Recently, there was a thread on the WAA forum about content distribution networks and whether increased page load times could justify the cost of the CDN.
I asked our Marketing Director, Juan Ribero, to give me his input on the subject and here is what he wrote:
Everybody likes a fast car. I’ve never heard a single person utter the words, “I wish my car was slower.” The problem is that just because a car is fast does not mean we’re willing to deal with anything less than the utmost comfort and luxury. Only the most dedicated automotive enthusiasts would deal with a daily-driver that had no air conditioning or power windows simply because it was able to move down the road quicker than others.
Analogously, everybody wants their website to be really fast but few people are willing to give up on having items such as analytics tracking codes, personalization, rich media, numerous images, etc… At CableOrganizer.com we’ve spent a lot of time and money making sure that we provide the most useful information and content to our potential customers in the way that is preferable to them. The problem is that because our customers are a particularly savvy group and our products particularly complex, this has resulted in our pages having A LOT of content and this affected our website speed. People facing problems like this essentially have two options:
- Look for a middle path balance by eliminating just enough content to ensure that their website is fast enough.
- Invest in website optimization and content delivery to ensure that they could maintain the same amount of content while improving the speed of our website.
Since we were/are facing the dilemma of always wanting our site to be faster and had already dived headlong into the second option, we had to know exactly how much more money we would make (if there was a difference at all) from a faster website and how much we could be losing if our site slowed down for whatever reason.
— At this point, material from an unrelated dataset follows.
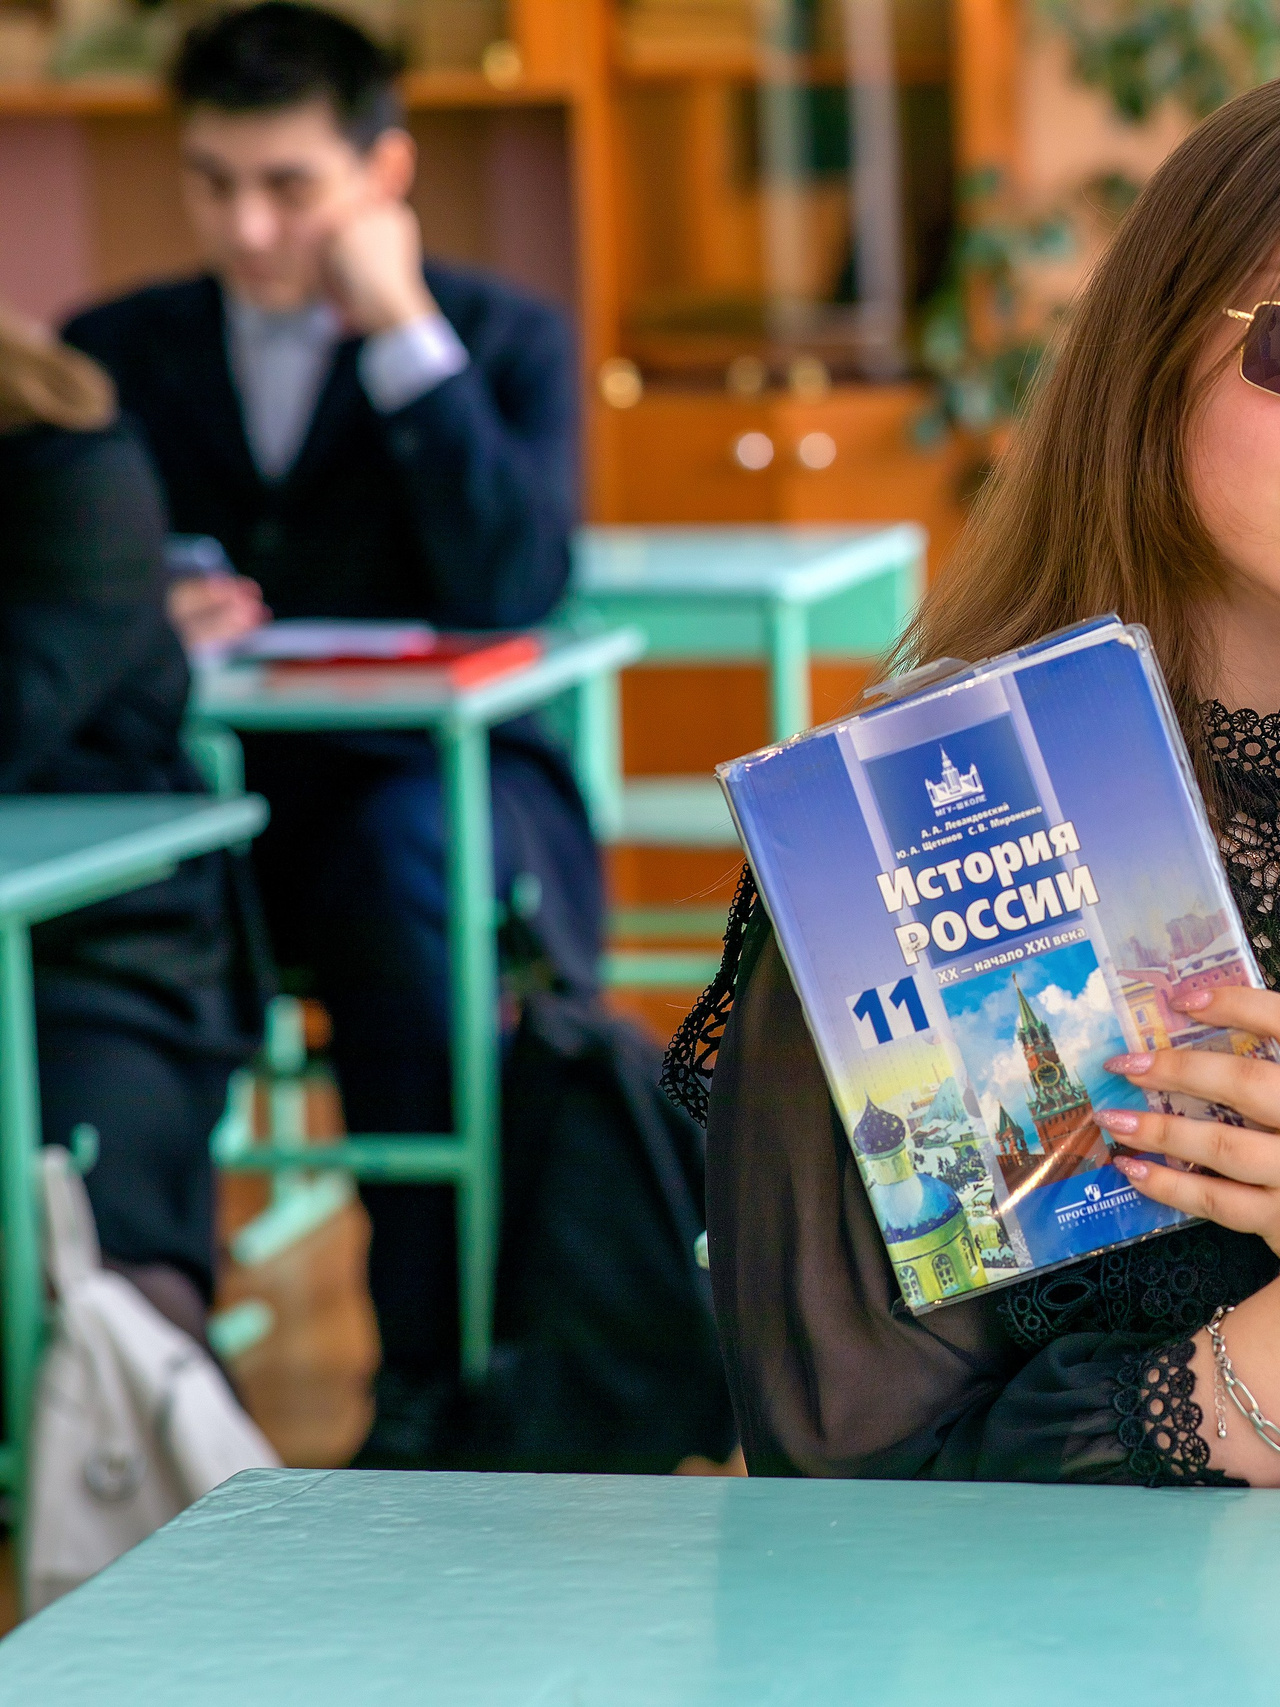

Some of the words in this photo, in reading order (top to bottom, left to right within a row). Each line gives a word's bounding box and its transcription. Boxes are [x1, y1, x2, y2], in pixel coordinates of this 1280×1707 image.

That way, we would know exactly how much resources we could devote towards speeding up the site and find out once and for all if services such as Akamai were worth the expense.
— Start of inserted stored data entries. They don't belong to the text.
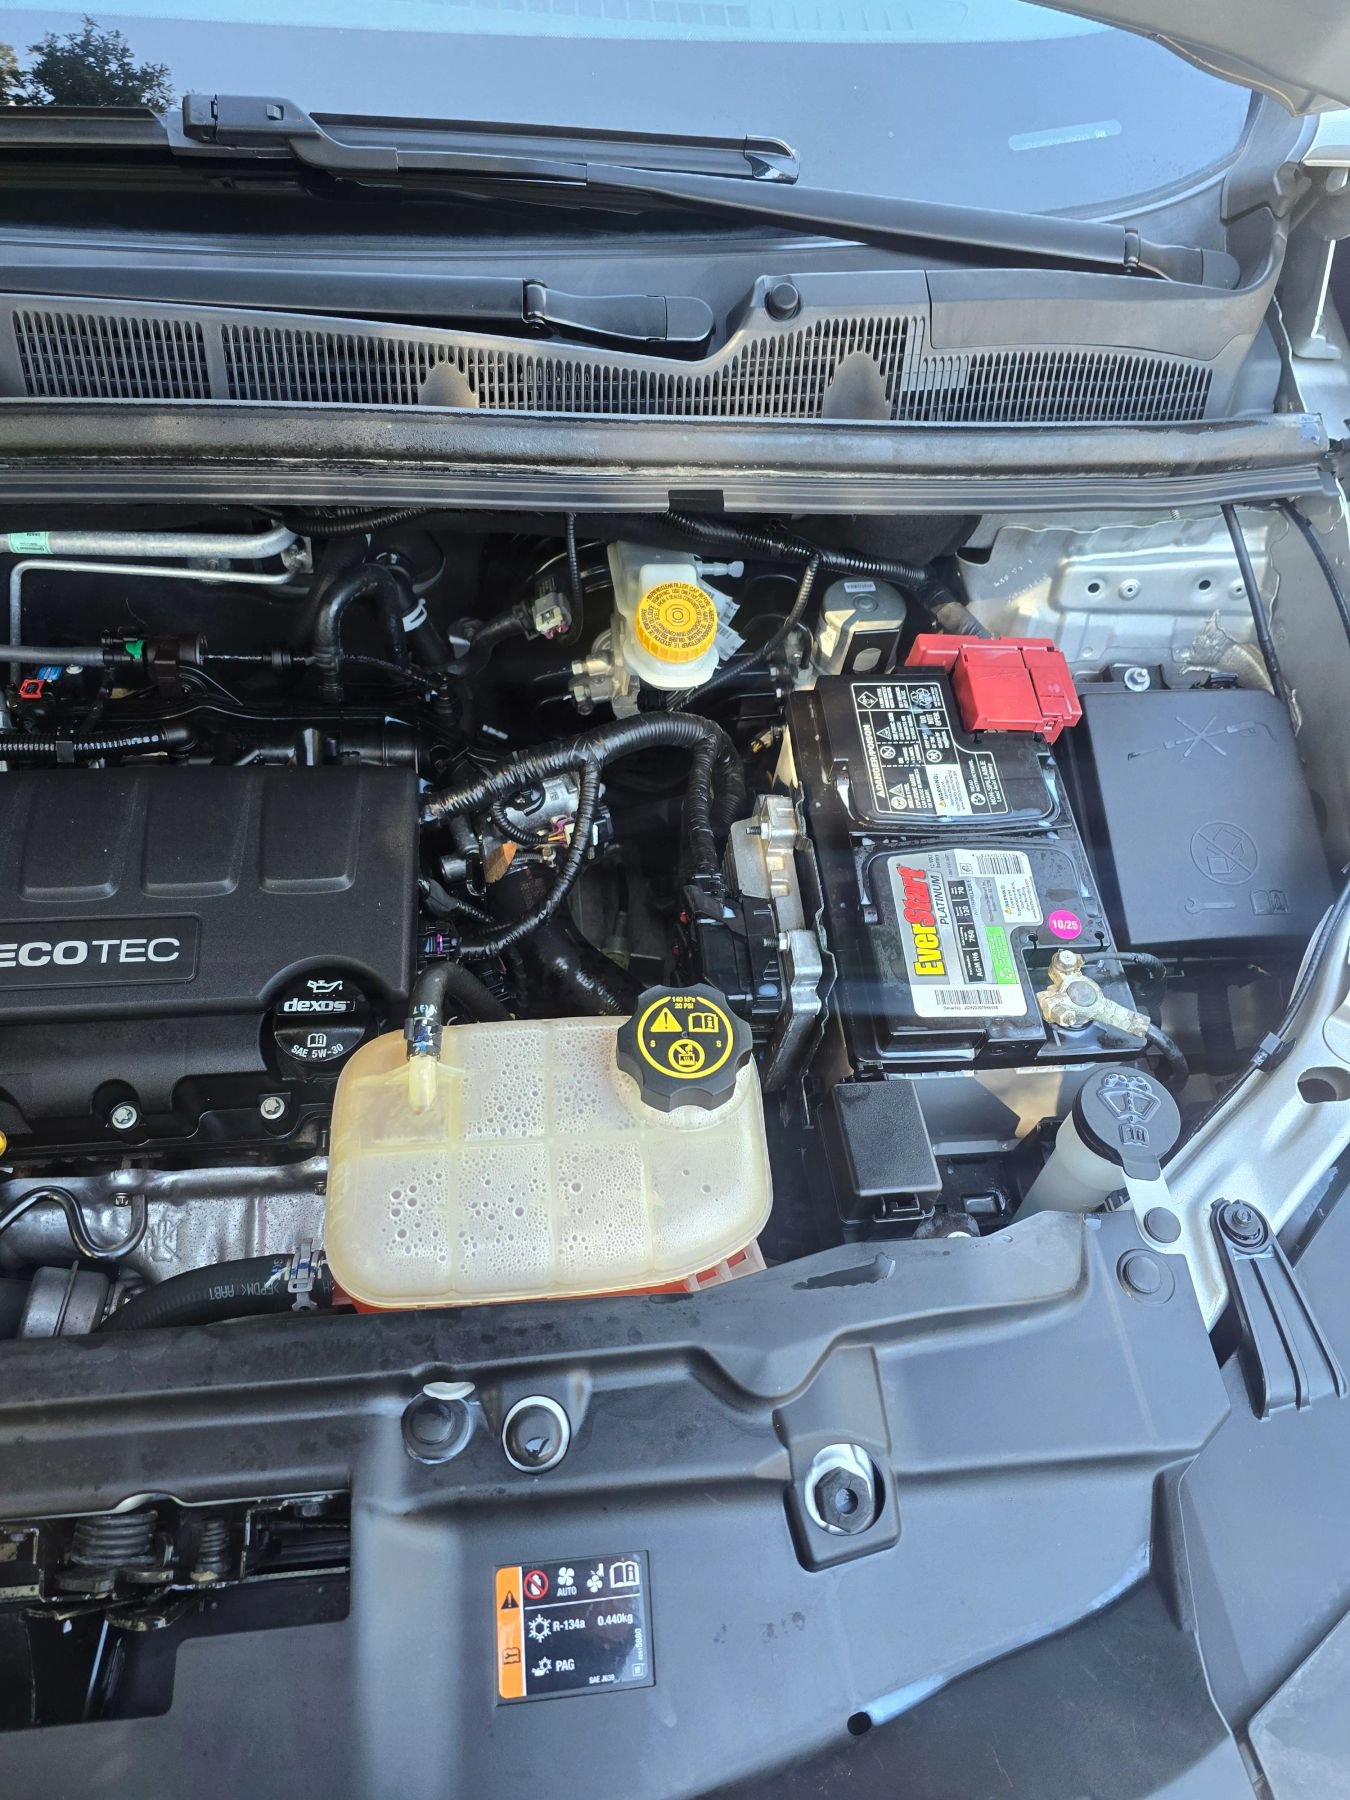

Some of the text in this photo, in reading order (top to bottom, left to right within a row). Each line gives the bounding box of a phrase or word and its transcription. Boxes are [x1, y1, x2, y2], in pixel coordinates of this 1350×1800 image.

[930, 875, 949, 925] PLATINUM
[896, 866, 945, 975] EverStart
[1051, 919, 1078, 931] 10/25
[0, 937, 181, 968] ECOTEC
[972, 952, 983, 977] AGM H6
[284, 998, 346, 1011] dexos
[292, 1044, 343, 1058] SAE 5W-30
[557, 1586, 577, 1597] AUTO
[553, 1614, 633, 1632] R-134a 0.440kg
[555, 1660, 575, 1672] PAG
[589, 1676, 600, 1684] SAE
We used Tealeaf to find this information but SAS has this functionality as well and I’m sure something can be rigged up with Google Analytics partially using the Event Tracking functionality like the people at Panalysis. http://www.panalysis.com/tracking-webpage-load-times.php
First thing we did to figure this out was to use Tealeaf in order to make events based upon the load time on the client side (this is out of the box once you install Tealeaf’s Javascript SDK). We made sure to get really granular assuming that a 0.25 second difference was significant. We went from less than ¼ second to over 20 seconds.
We let the data build up for a month (getting over 200 sales a day so that a month was enough for statistical significance). We then segmented all of our sessions looking at load time averages with the stipulation that no maximum load time was ever more than 3 seconds above the average. We made the assumption that if somebody had an average load time of 0.5 seconds (very fast by most standards) but took 15 seconds loading a single page (usually indicative of a major problem) then their session behavior would be contaminated by that anomaly and it would not be indicative of other customers with sessions of that average speed.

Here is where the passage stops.